• _EXERCISE INSTRUCTIONS_: Where the line containing "Some of the text" appears, start copying; continue through the last line below and copy nothing else.

****

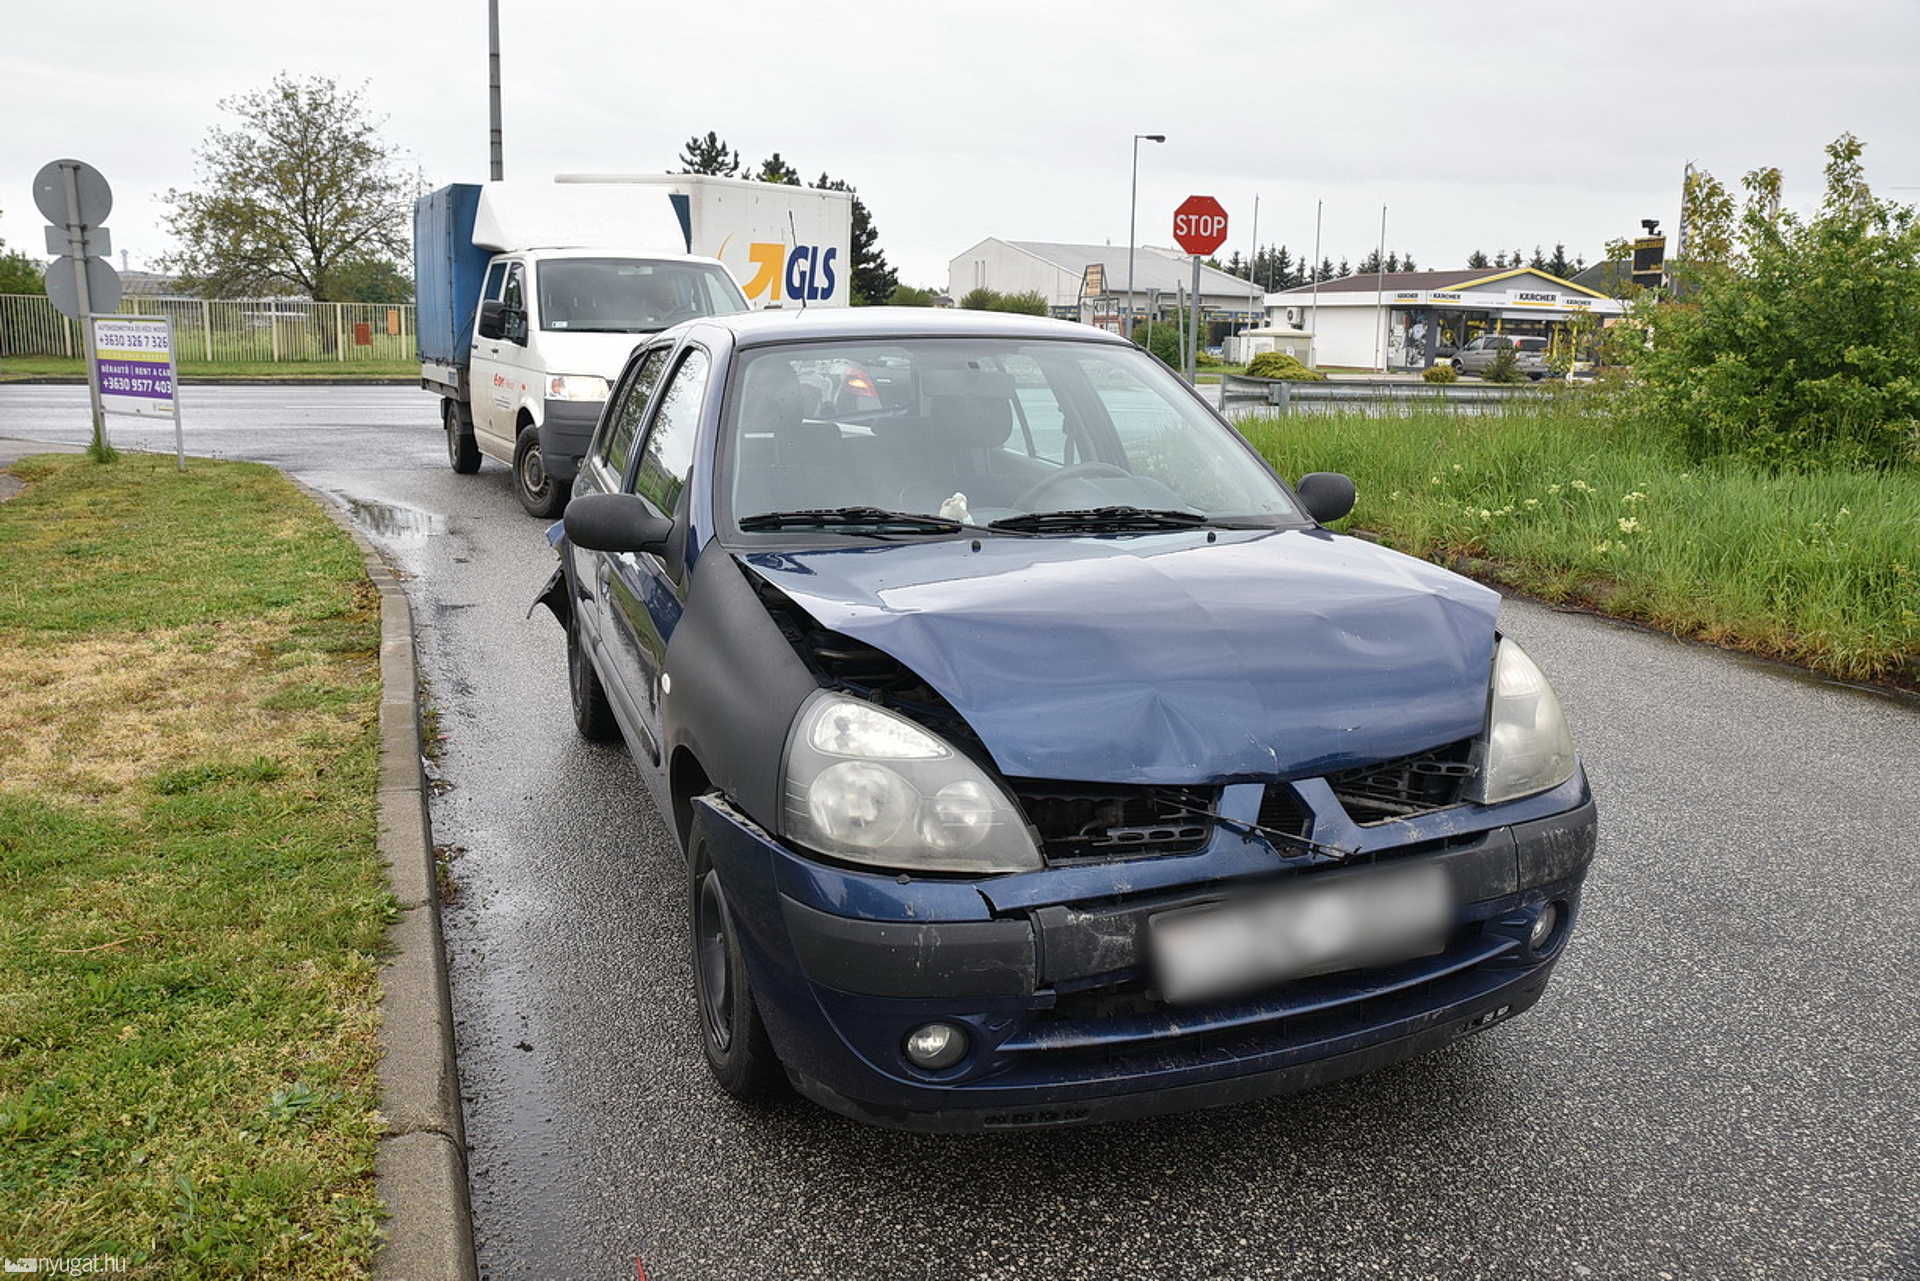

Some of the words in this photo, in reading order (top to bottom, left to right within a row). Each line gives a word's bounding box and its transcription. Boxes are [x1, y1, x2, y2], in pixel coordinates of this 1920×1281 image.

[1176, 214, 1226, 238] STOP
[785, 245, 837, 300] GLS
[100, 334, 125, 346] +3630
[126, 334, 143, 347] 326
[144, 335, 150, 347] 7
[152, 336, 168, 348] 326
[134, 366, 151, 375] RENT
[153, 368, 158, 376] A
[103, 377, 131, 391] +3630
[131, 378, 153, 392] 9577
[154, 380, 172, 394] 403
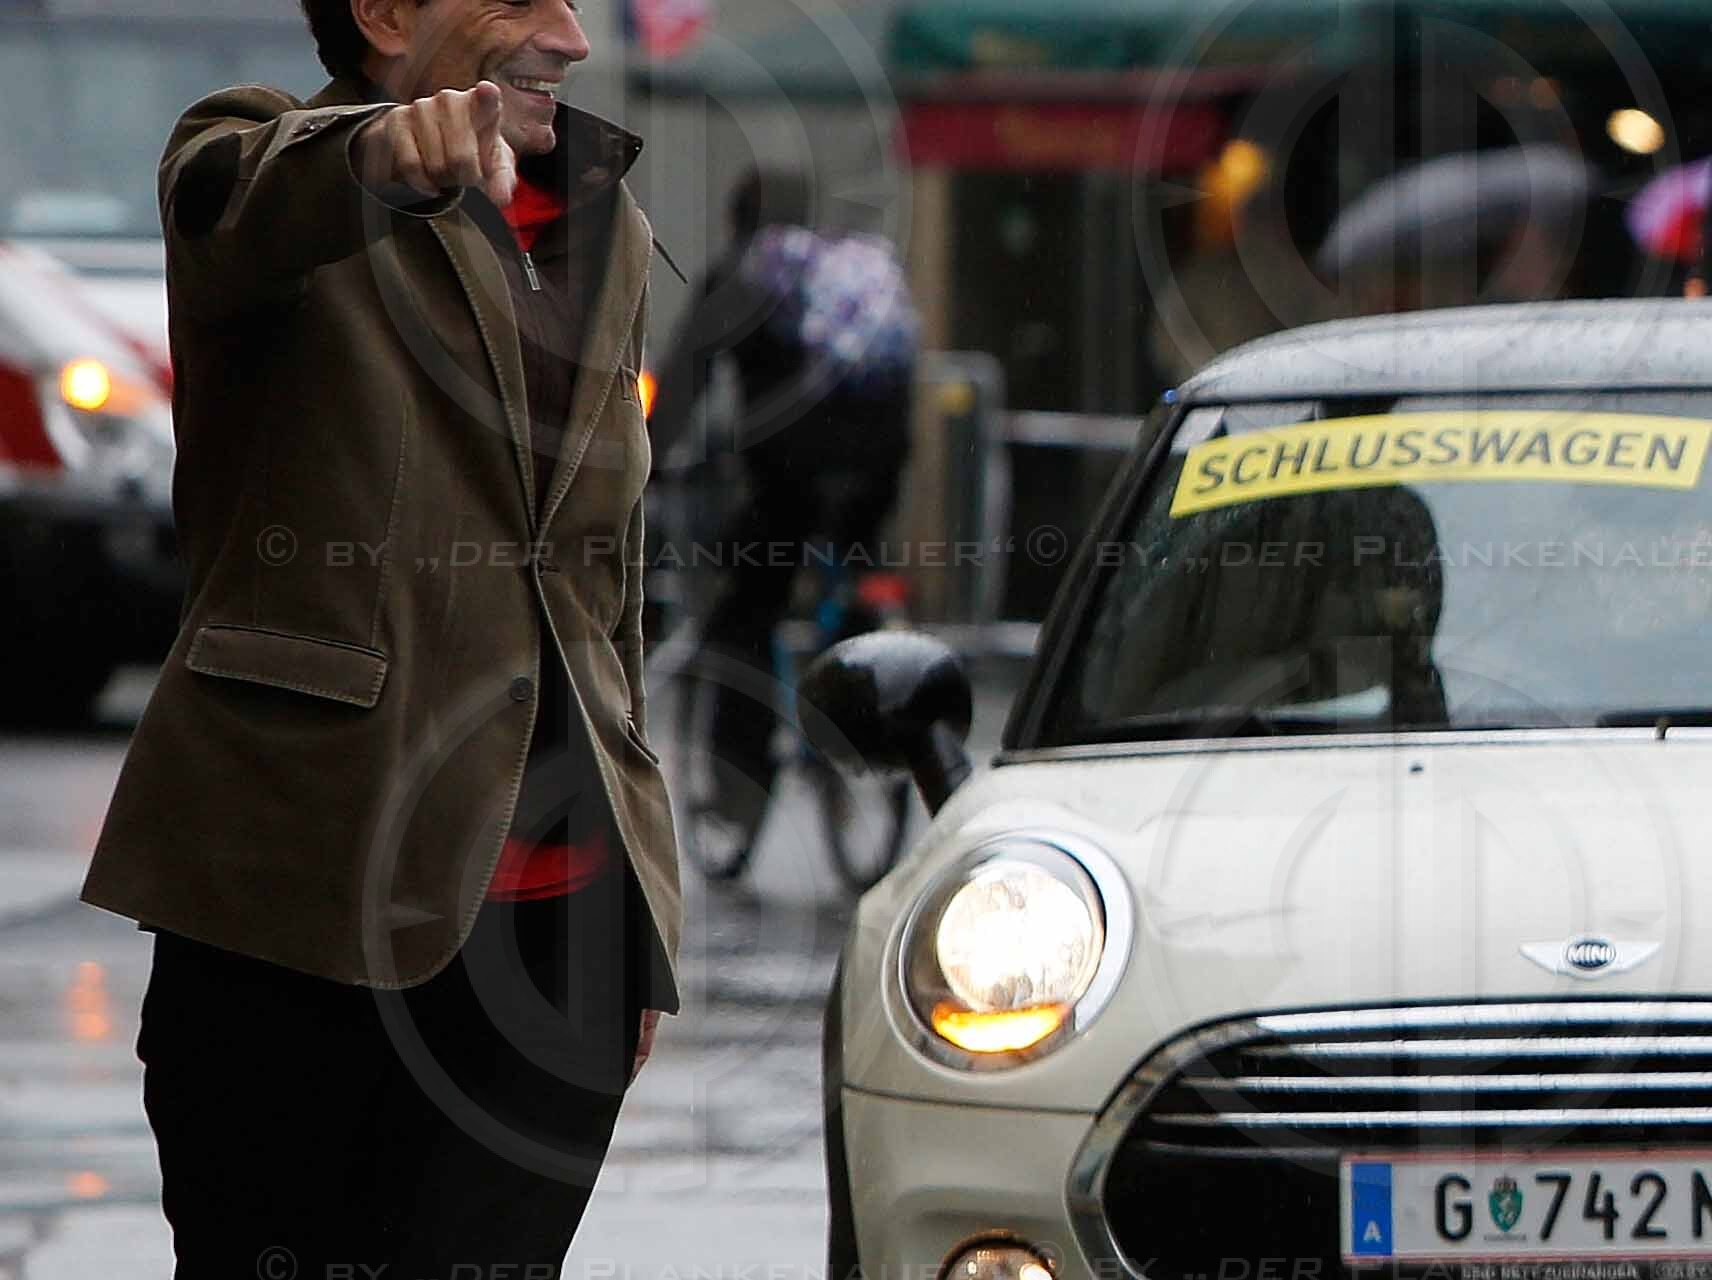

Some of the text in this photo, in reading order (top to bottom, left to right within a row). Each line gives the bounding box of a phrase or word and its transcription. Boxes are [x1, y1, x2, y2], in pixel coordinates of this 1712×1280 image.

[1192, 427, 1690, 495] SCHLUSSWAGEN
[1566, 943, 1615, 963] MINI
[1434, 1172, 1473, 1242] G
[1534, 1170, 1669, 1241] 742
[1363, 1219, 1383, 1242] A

****

• _OUTPUT OF THE EXERCISE_:
Some of the text in this photo, in reading order (top to bottom, left to right within a row). Each line gives the bounding box of a phrase or word and its transcription. Boxes are [x1, y1, x2, y2], in pixel coordinates of this 1712×1280 image.

[1192, 427, 1690, 495] SCHLUSSWAGEN
[1566, 943, 1615, 963] MINI
[1434, 1172, 1473, 1242] G
[1534, 1170, 1669, 1241] 742
[1363, 1219, 1383, 1242] A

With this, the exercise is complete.